[[ DATASET, beginning ]]

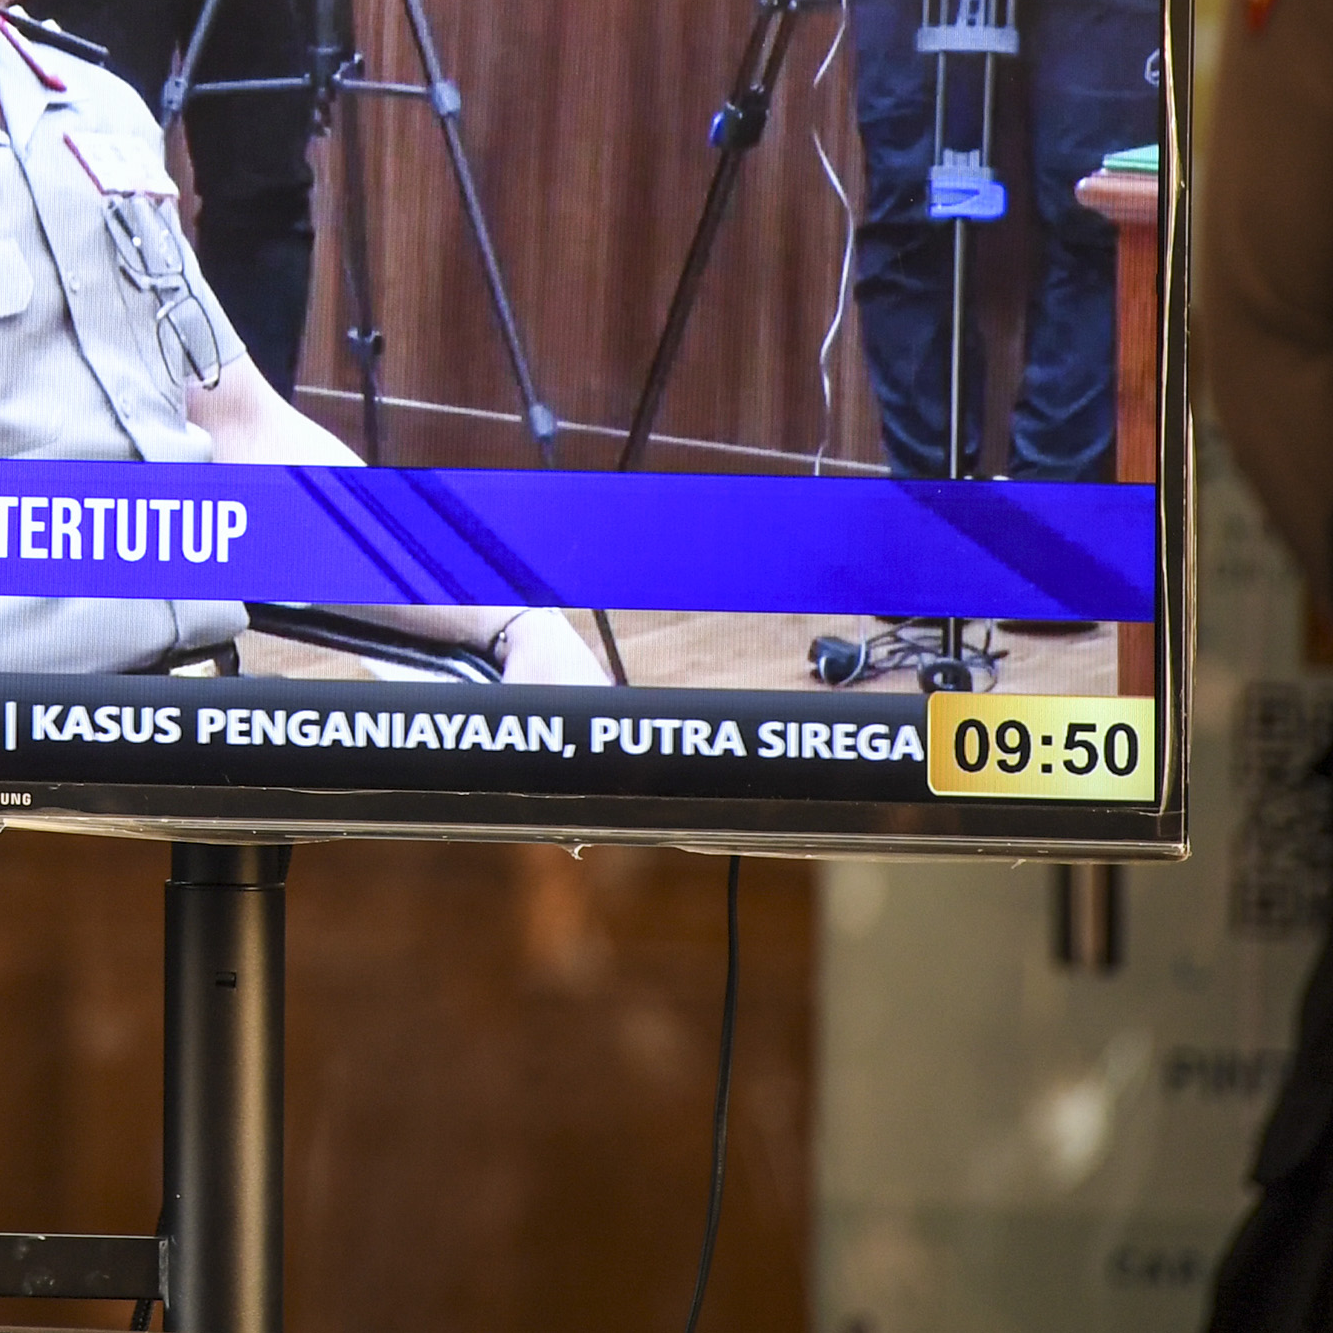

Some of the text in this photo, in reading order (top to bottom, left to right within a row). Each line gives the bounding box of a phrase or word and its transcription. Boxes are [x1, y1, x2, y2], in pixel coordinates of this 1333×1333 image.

[32, 704, 182, 745] KASUS
[197, 707, 576, 758] PENGANIAYAAN,
[591, 718, 747, 758] PUTRA
[757, 721, 925, 763] SIREGA
[954, 718, 1139, 777] 09:50
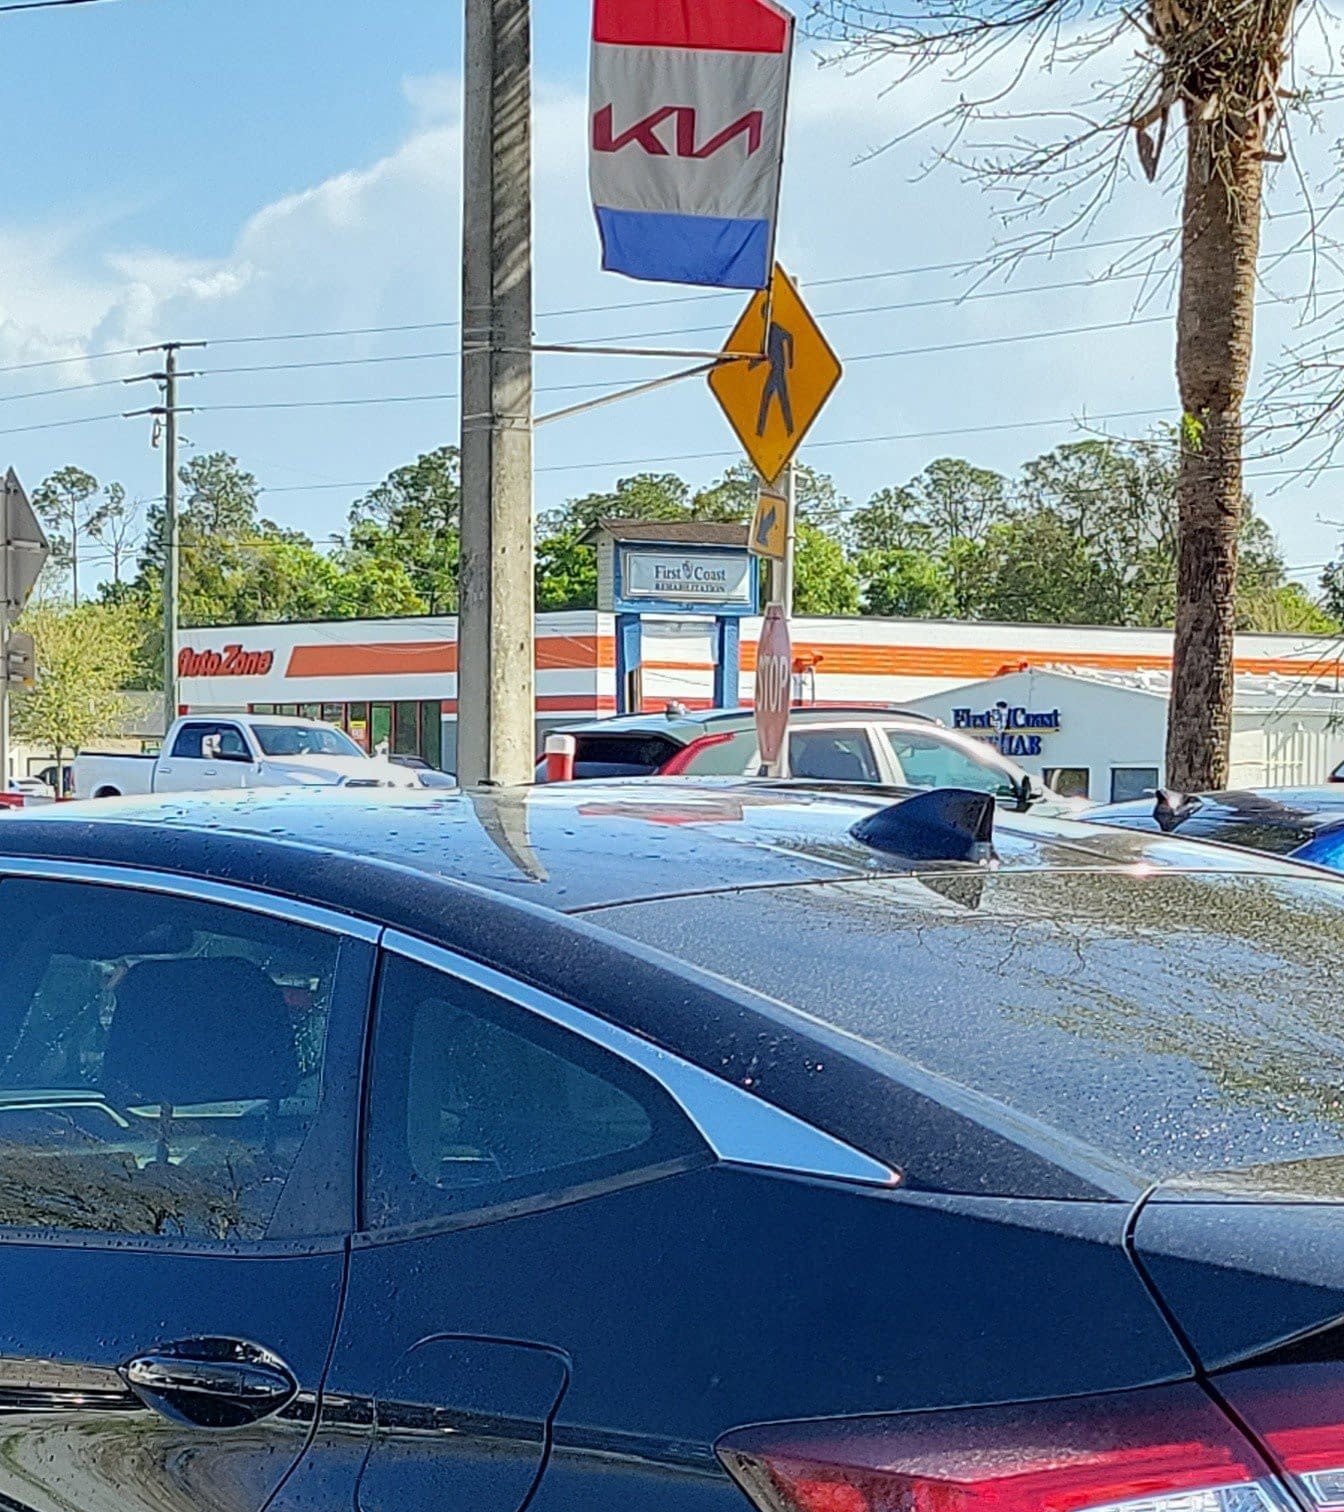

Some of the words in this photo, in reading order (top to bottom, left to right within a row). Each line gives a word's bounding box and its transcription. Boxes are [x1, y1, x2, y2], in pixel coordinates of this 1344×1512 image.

[593, 103, 763, 159] KIA
[654, 565, 681, 580] First
[694, 566, 726, 581] Coast
[177, 644, 275, 678] AutoZone
[757, 656, 789, 713] STOP
[1011, 707, 1062, 728] Coast
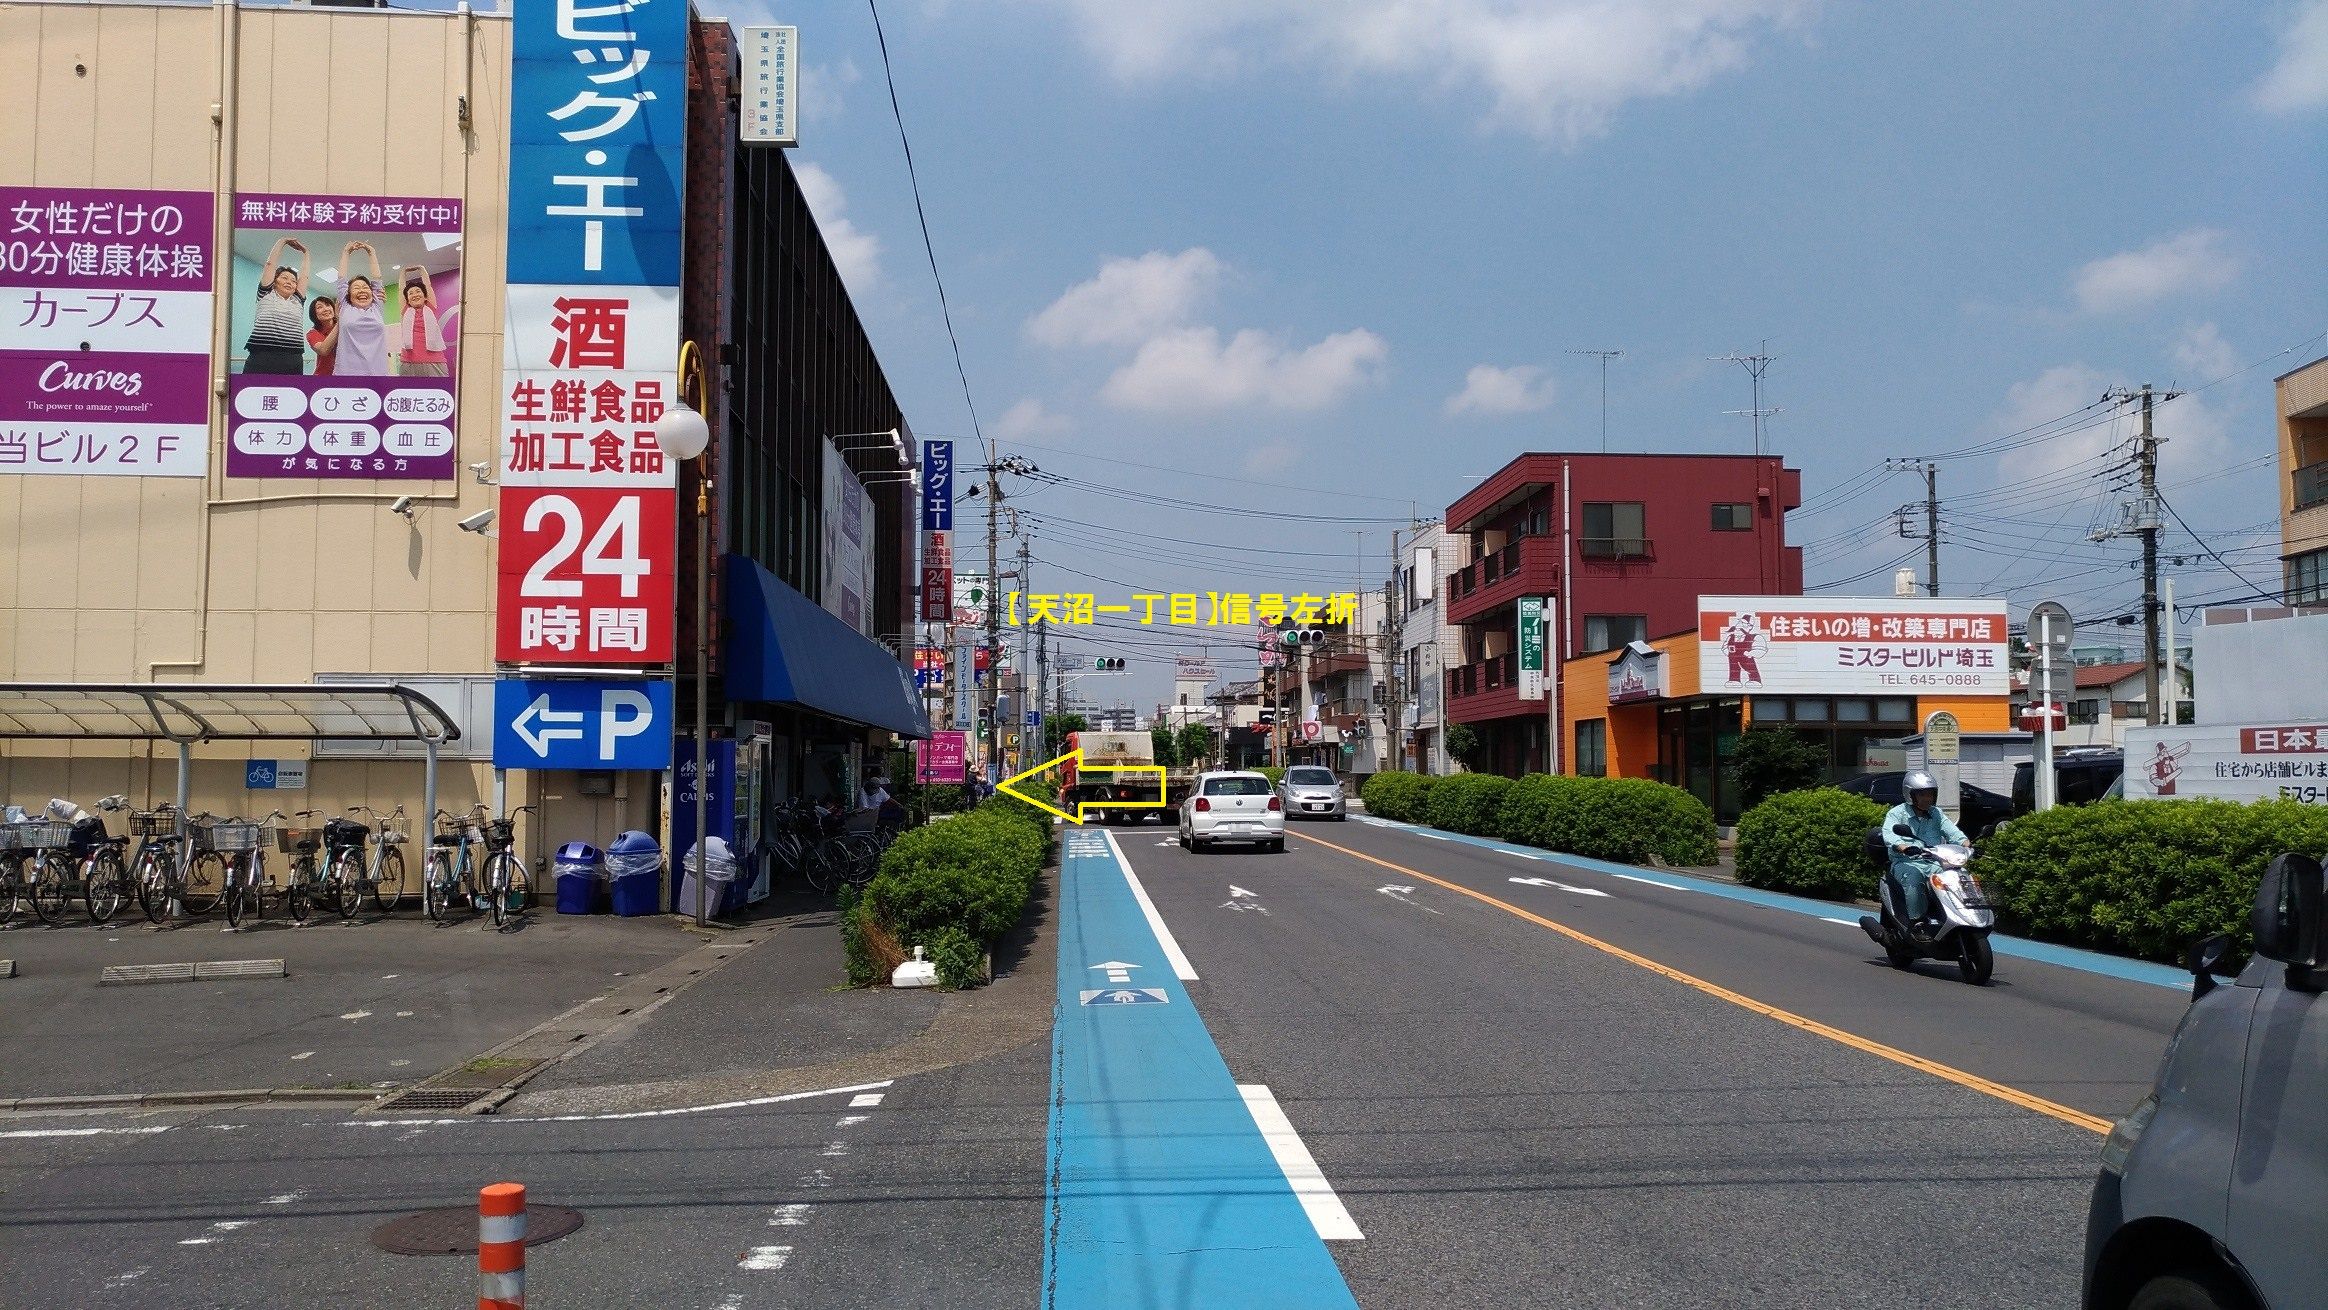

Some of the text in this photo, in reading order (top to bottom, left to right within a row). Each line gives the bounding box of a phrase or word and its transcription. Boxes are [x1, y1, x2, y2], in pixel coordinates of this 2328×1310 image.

[10, 199, 183, 236] 女性だけの
[241, 200, 458, 226] 無料体験予約受付中!
[19, 290, 165, 328] カーブス
[548, 295, 629, 370] 酒
[38, 360, 142, 396] Curves
[26, 401, 43, 410] The
[46, 403, 73, 412] power
[115, 403, 149, 413] yourself
[262, 395, 279, 411] 腰
[324, 396, 368, 412] ひざ
[387, 397, 451, 413] お腹たるみ
[510, 378, 665, 424] 生鮮食品
[248, 430, 293, 446] 体力
[323, 431, 367, 447] 体重
[397, 431, 441, 447] 血圧
[508, 427, 664, 474] 加工食品
[282, 457, 408, 471] が気になる方
[519, 494, 651, 598] 24
[931, 532, 945, 547] 酒
[923, 547, 951, 557] 生鮮食品
[923, 556, 951, 565] 加工食品
[928, 569, 945, 585] 24
[929, 586, 945, 619] 時間
[520, 604, 648, 652] 時間
[1770, 616, 1991, 640] 住まいの増・改築専門店
[1523, 627, 1533, 669] 防災システム
[1910, 674, 1981, 685] 645-0888
[600, 689, 653, 761] P

[[ DATASET, end ]]

When you repeat the material, keep every word exact and drop the pictures.

Some of the text in this photo, in reading order (top to bottom, left to right within a row). Each line gives the bounding box of a phrase or word and its transcription. Boxes are [x1, y1, x2, y2], in pixel coordinates of this 1333×1333 image.

[32, 704, 182, 745] KASUS
[197, 707, 576, 758] PENGANIAYAAN,
[591, 718, 747, 758] PUTRA
[757, 721, 925, 763] SIREGA
[954, 718, 1139, 777] 09:50

Some of the words in this photo, in reading order (top to bottom, left to right within a row). Each line gives a word's bounding box and its transcription. Boxes are [x1, y1, x2, y2], in pixel coordinates of this 1344×1512 image.

[593, 103, 763, 159] KIA
[654, 565, 681, 580] First
[694, 566, 726, 581] Coast
[177, 644, 275, 678] AutoZone
[757, 656, 789, 713] STOP
[1011, 707, 1062, 728] Coast

Some of the text in this photo, in reading order (top to bottom, left to right within a row). Each line gives the bounding box of a phrase or word and its transcription. Boxes are [x1, y1, x2, y2], in pixel coordinates of this 2328×1310 image.

[10, 199, 183, 236] 女性だけの
[241, 200, 458, 226] 無料体験予約受付中!
[19, 290, 165, 328] カーブス
[548, 295, 629, 370] 酒
[38, 360, 142, 396] Curves
[26, 401, 43, 410] The
[46, 403, 73, 412] power
[115, 403, 149, 413] yourself
[262, 395, 279, 411] 腰
[324, 396, 368, 412] ひざ
[387, 397, 451, 413] お腹たるみ
[510, 378, 665, 424] 生鮮食品
[248, 430, 293, 446] 体力
[323, 431, 367, 447] 体重
[397, 431, 441, 447] 血圧
[508, 427, 664, 474] 加工食品
[282, 457, 408, 471] が気になる方
[519, 494, 651, 598] 24
[931, 532, 945, 547] 酒
[923, 547, 951, 557] 生鮮食品
[923, 556, 951, 565] 加工食品
[928, 569, 945, 585] 24
[929, 586, 945, 619] 時間
[520, 604, 648, 652] 時間
[1770, 616, 1991, 640] 住まいの増・改築専門店
[1523, 627, 1533, 669] 防災システム
[1910, 674, 1981, 685] 645-0888
[600, 689, 653, 761] P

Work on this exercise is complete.